Saturday 11 April 2015

Kirill Zinkovskiy: Novelty of the Matter and Human Body Concepts in the Great Church Fathers

The article highlights the principal novelty in the teaching on the origins and the eschatological perspective of the matter and human’s body in the works of St. Athanasius of Alexandria, the Cappadocian Fathers, St. Cyril of Alexandria and Rev. Maximus the Confessor. Although the Church Fathers did not regard a doctrinal systematisation of the nature of matter as a separate question for theology, a gradual development of a terminological apparatus reflected orthodox Christian positions on the significance of matter as well as the bodily nature of mankind as an capable cataphatic explanation of the mystery of their transformation under the action of divine grace. It is shown how whilst conserving their faithfulness to biblical cosmology and anthropology and at the same time employing the anthropological formulae of Platonic and Aristotelian philosophical schools, the Fathers wrought stark innovations to - and departures from - Hellenic philosophical tradition especially in their sacramental and anthropological theology.

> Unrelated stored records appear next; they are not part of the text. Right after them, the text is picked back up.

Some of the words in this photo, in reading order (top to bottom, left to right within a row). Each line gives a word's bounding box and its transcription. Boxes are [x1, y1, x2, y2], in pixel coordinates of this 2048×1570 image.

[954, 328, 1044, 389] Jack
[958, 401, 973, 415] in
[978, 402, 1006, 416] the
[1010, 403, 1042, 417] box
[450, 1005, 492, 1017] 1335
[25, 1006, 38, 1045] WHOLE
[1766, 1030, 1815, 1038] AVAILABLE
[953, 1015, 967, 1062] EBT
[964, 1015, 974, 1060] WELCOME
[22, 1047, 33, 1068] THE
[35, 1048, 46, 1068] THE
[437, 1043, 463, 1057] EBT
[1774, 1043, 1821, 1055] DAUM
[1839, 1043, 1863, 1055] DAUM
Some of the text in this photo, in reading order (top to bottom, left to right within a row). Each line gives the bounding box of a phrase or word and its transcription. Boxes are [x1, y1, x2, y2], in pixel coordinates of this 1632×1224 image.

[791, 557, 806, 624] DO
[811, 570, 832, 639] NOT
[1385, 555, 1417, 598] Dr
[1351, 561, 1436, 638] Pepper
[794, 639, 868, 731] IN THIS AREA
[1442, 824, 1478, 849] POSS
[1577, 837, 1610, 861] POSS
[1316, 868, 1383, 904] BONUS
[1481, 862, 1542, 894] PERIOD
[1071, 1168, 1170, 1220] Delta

The Christian concept of ‘meonicity’ of matter, as shaped by Alexandrian and Cappadocian theologians falls very much apart from the ancient concept thereof. The principle of matter being not only a corrective tool of the Creator for the punishment of sin, but that Adam from the beginning was entrusted with the task of bringing matter into the condition of 'approval in being' and to a higher state of deification was first expressed by St. Athanasius the Great, used by the great Cappadocians and most clearly revealed by Maximus the Confessor.